↓

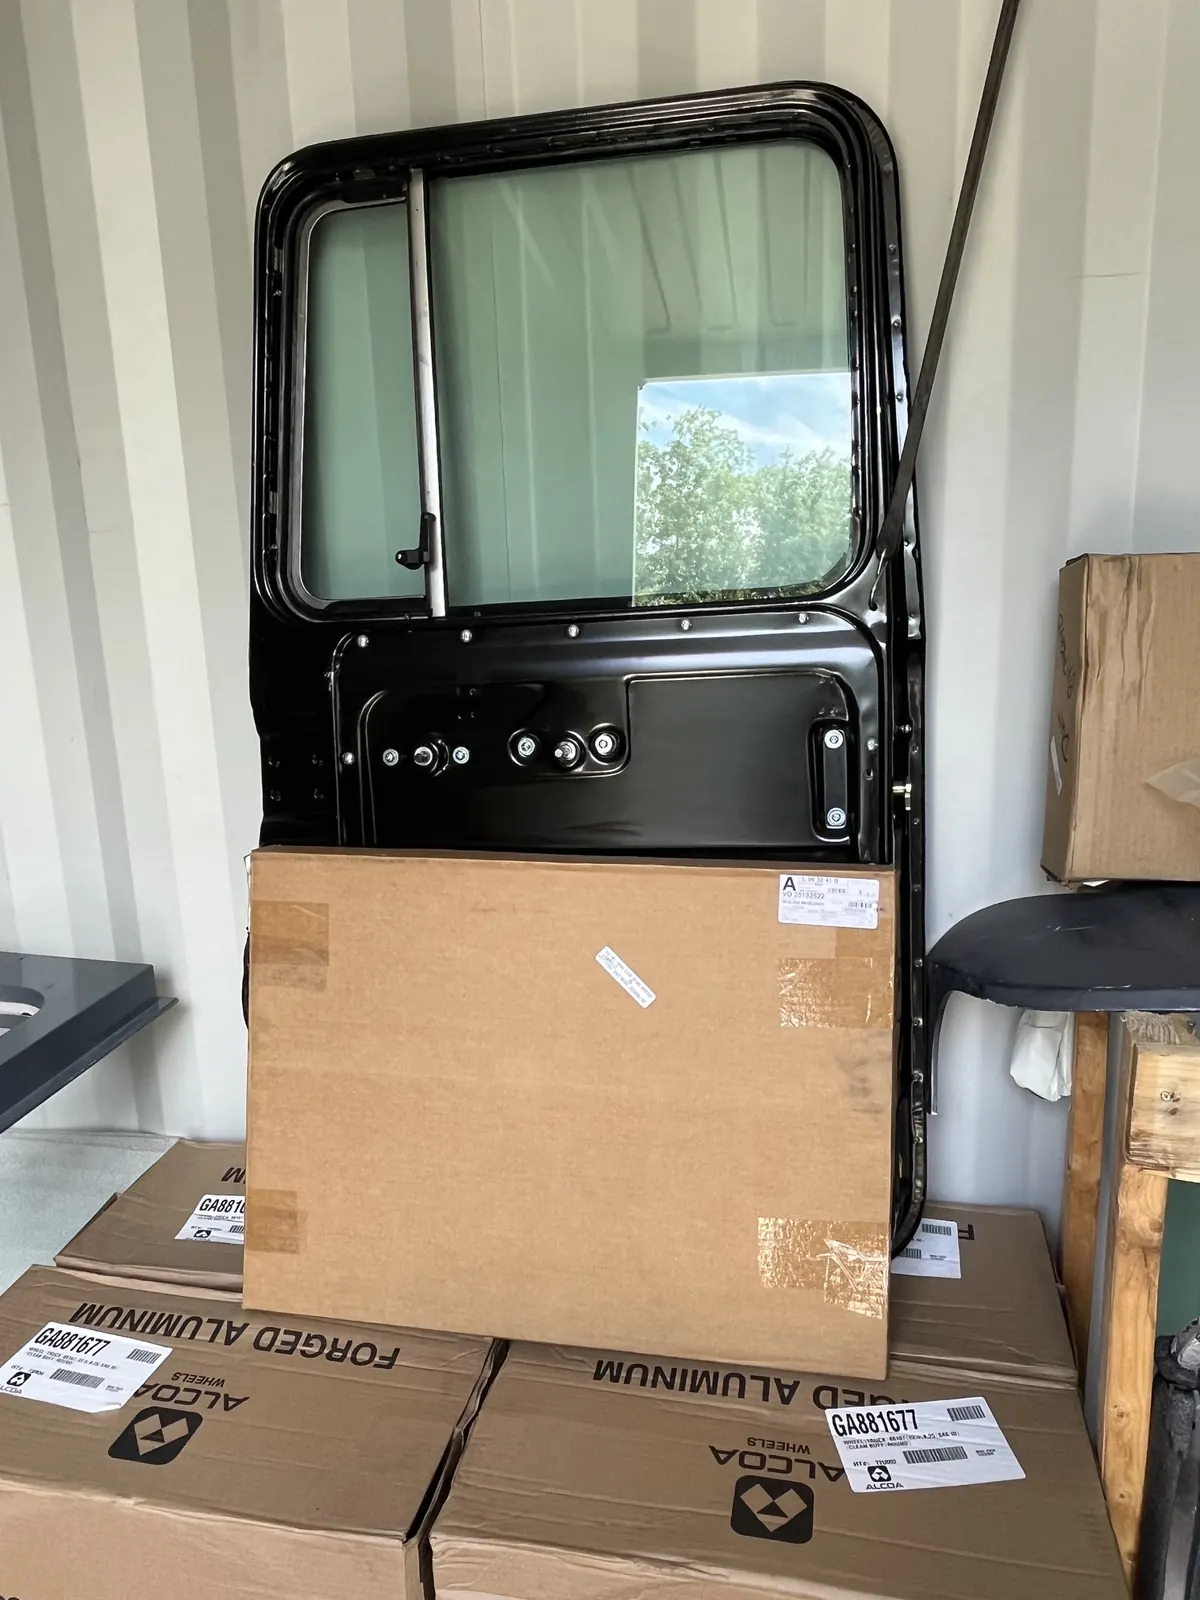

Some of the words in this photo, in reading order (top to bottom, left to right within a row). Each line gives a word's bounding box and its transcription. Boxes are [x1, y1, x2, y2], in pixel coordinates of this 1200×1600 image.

[783, 876, 796, 891] A
[68, 1302, 250, 1346] ALUMINUM
[34, 1328, 111, 1356] GA881677
[252, 1326, 401, 1370] FORGED
[171, 1371, 226, 1388] WHEELS
[593, 1360, 800, 1406] ALUMINUM
[133, 1383, 250, 1412] ALCOA
[832, 1409, 918, 1437] GA881677
[747, 1437, 811, 1454] WHEELS
[708, 1445, 845, 1482] ALCOA
[866, 1482, 904, 1490] ALCOA
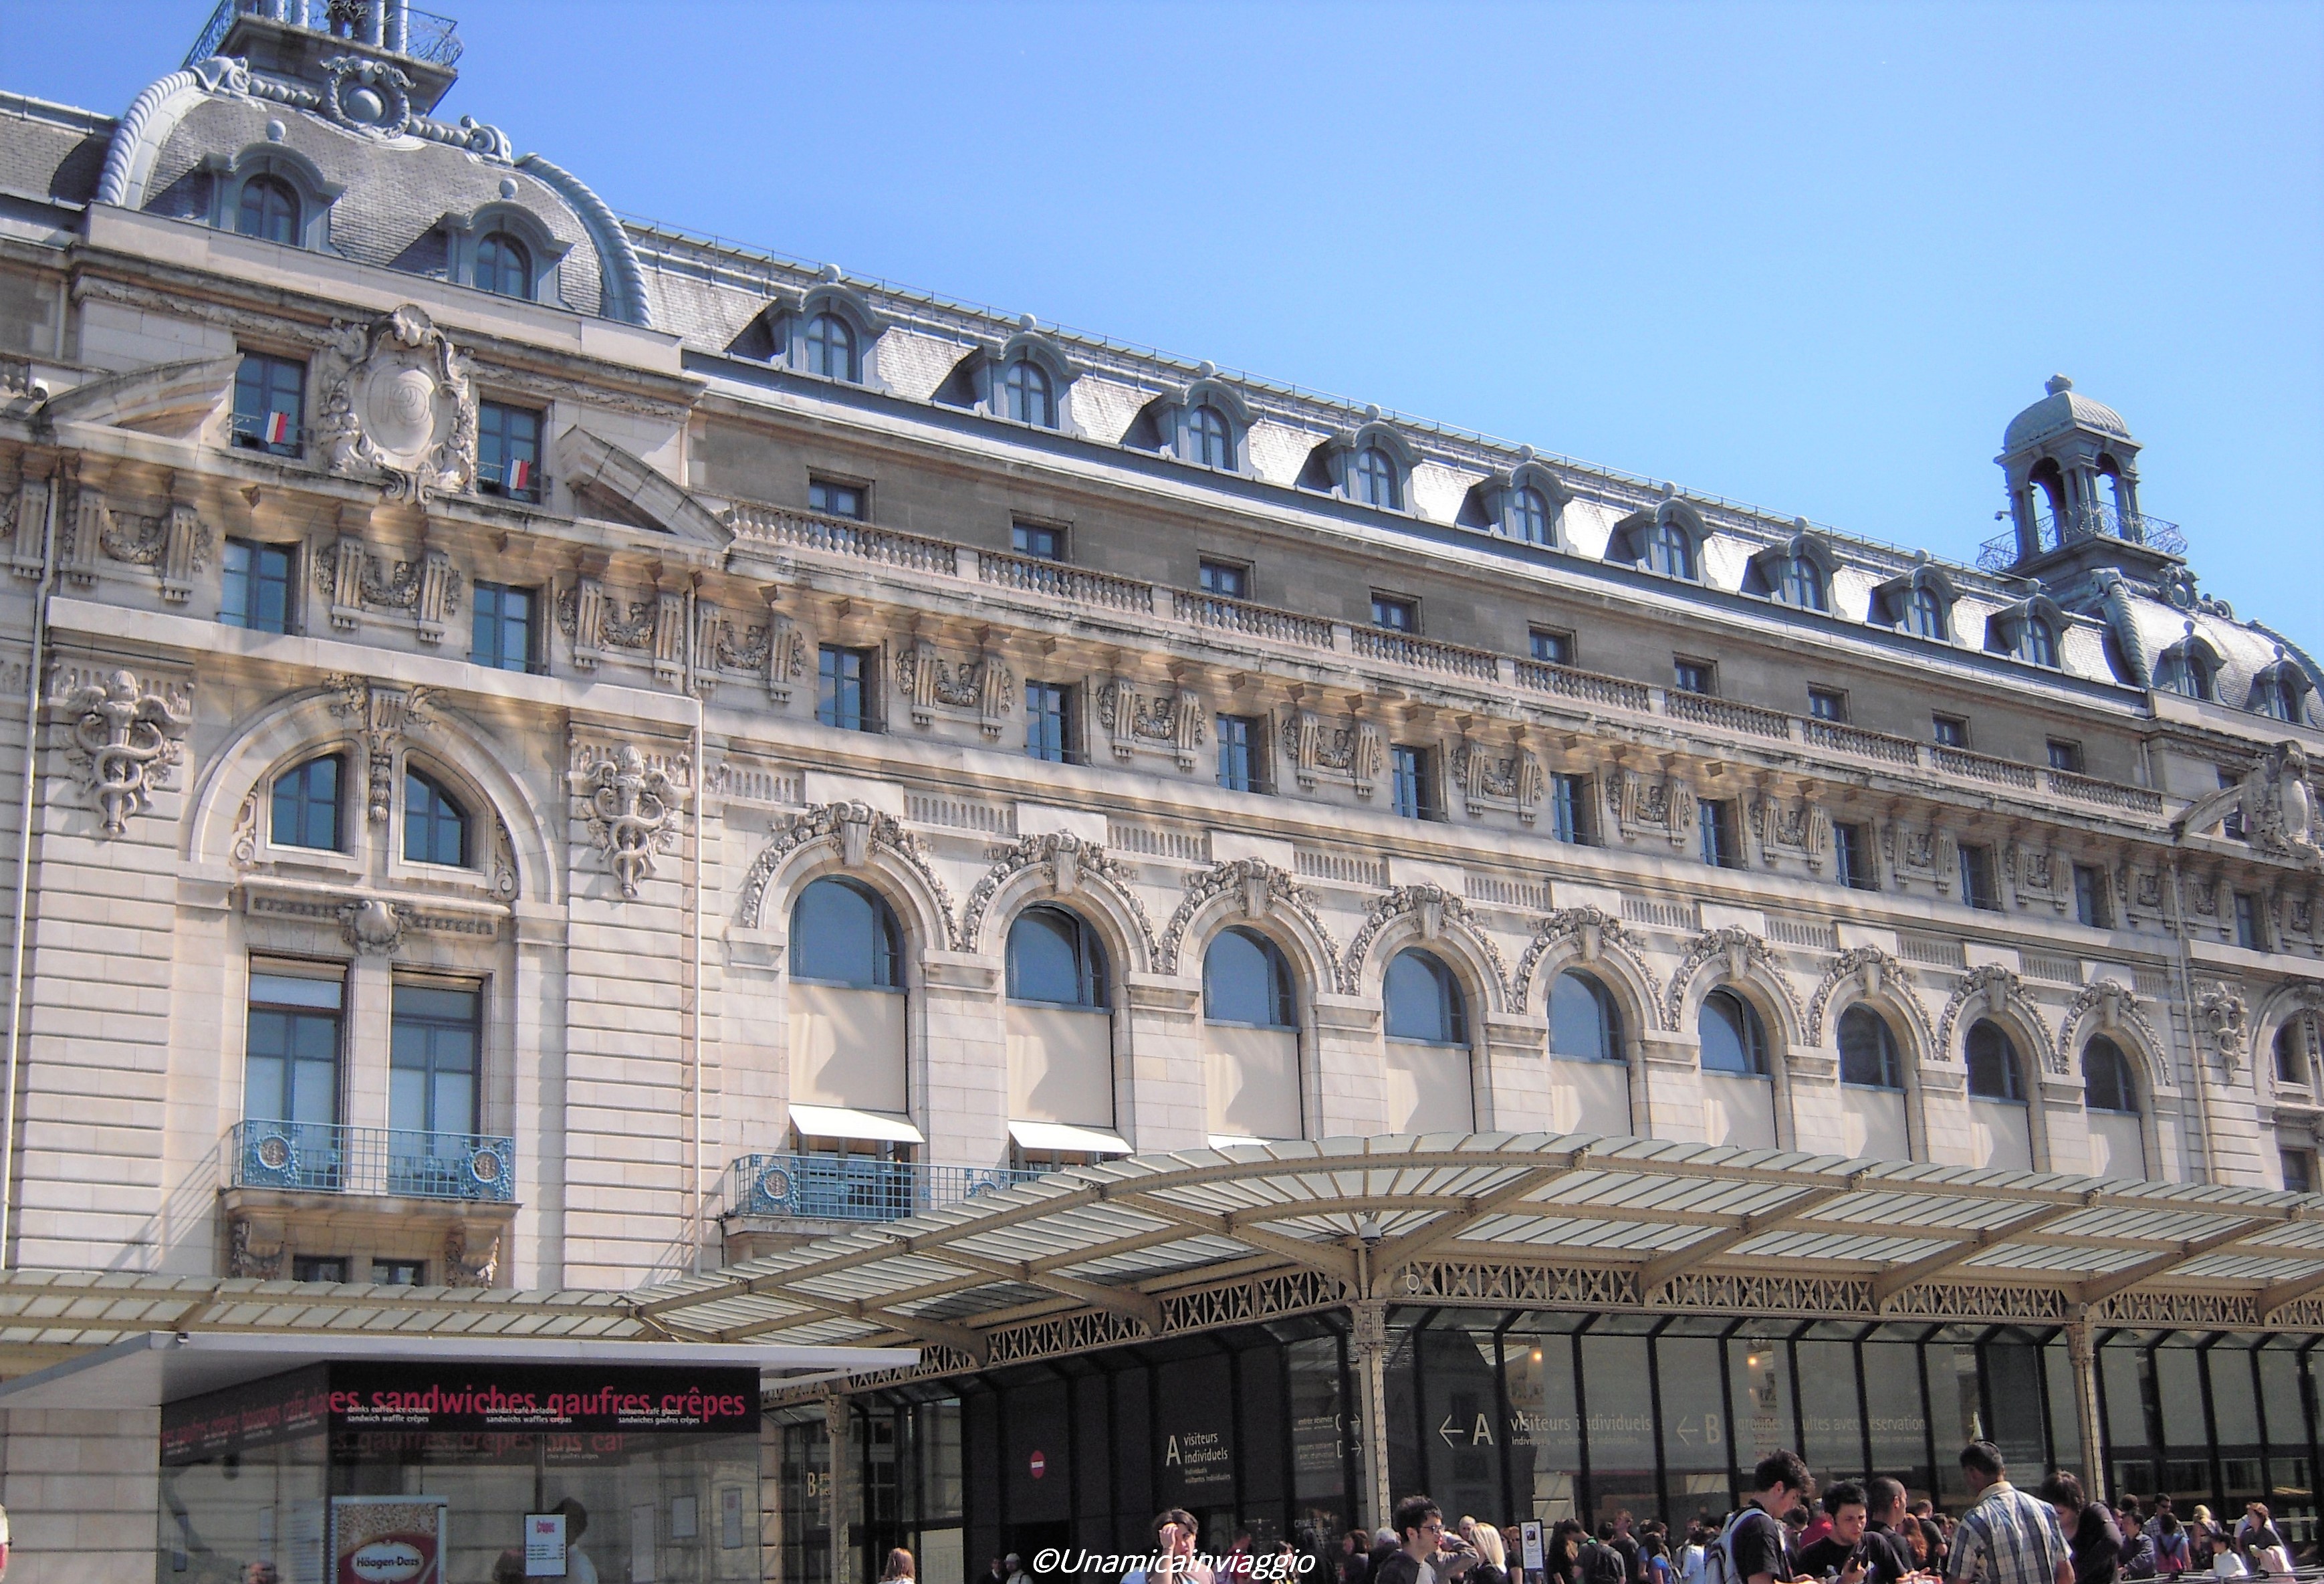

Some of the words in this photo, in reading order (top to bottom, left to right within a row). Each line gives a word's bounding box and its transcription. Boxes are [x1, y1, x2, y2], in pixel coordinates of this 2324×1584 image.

[348, 1405, 370, 1413] drinks
[371, 1405, 394, 1413] coffee
[396, 1405, 406, 1413] ice
[372, 1384, 536, 1413] sandwiches
[548, 1385, 651, 1419] gaufres
[661, 1387, 745, 1423] crêpes
[513, 1406, 530, 1414] café
[347, 1414, 380, 1422] sandwich
[382, 1414, 405, 1422] waffle
[655, 1416, 679, 1425] gaufres
[1472, 1412, 1494, 1446] A
[1510, 1412, 1571, 1432] visiteurs
[1576, 1412, 1652, 1432] idividuels
[1705, 1413, 1722, 1444] B
[1183, 1432, 1219, 1446] visiteurs
[1166, 1434, 1181, 1466] A
[1185, 1447, 1228, 1464] individuels
[808, 1472, 816, 1498] B

↑

▸ **Brief**
Skip the pictures. Restate everything else in the records word for word.

▸ **Expected answer**
Some of the words in this photo, in reading order (top to bottom, left to right within a row). Each line gives a word's bounding box and its transcription. Boxes are [x1, y1, x2, y2], in pixel coordinates of this 1200×1600 image.

[783, 876, 796, 891] A
[68, 1302, 250, 1346] ALUMINUM
[34, 1328, 111, 1356] GA881677
[252, 1326, 401, 1370] FORGED
[171, 1371, 226, 1388] WHEELS
[593, 1360, 800, 1406] ALUMINUM
[133, 1383, 250, 1412] ALCOA
[832, 1409, 918, 1437] GA881677
[747, 1437, 811, 1454] WHEELS
[708, 1445, 845, 1482] ALCOA
[866, 1482, 904, 1490] ALCOA

Some of the words in this photo, in reading order (top to bottom, left to right within a row). Each line gives a word's bounding box and its transcription. Boxes are [x1, y1, x2, y2], in pixel coordinates of this 2324×1584 image.

[348, 1405, 370, 1413] drinks
[371, 1405, 394, 1413] coffee
[396, 1405, 406, 1413] ice
[372, 1384, 536, 1413] sandwiches
[548, 1385, 651, 1419] gaufres
[661, 1387, 745, 1423] crêpes
[513, 1406, 530, 1414] café
[347, 1414, 380, 1422] sandwich
[382, 1414, 405, 1422] waffle
[655, 1416, 679, 1425] gaufres
[1472, 1412, 1494, 1446] A
[1510, 1412, 1571, 1432] visiteurs
[1576, 1412, 1652, 1432] idividuels
[1705, 1413, 1722, 1444] B
[1183, 1432, 1219, 1446] visiteurs
[1166, 1434, 1181, 1466] A
[1185, 1447, 1228, 1464] individuels
[808, 1472, 816, 1498] B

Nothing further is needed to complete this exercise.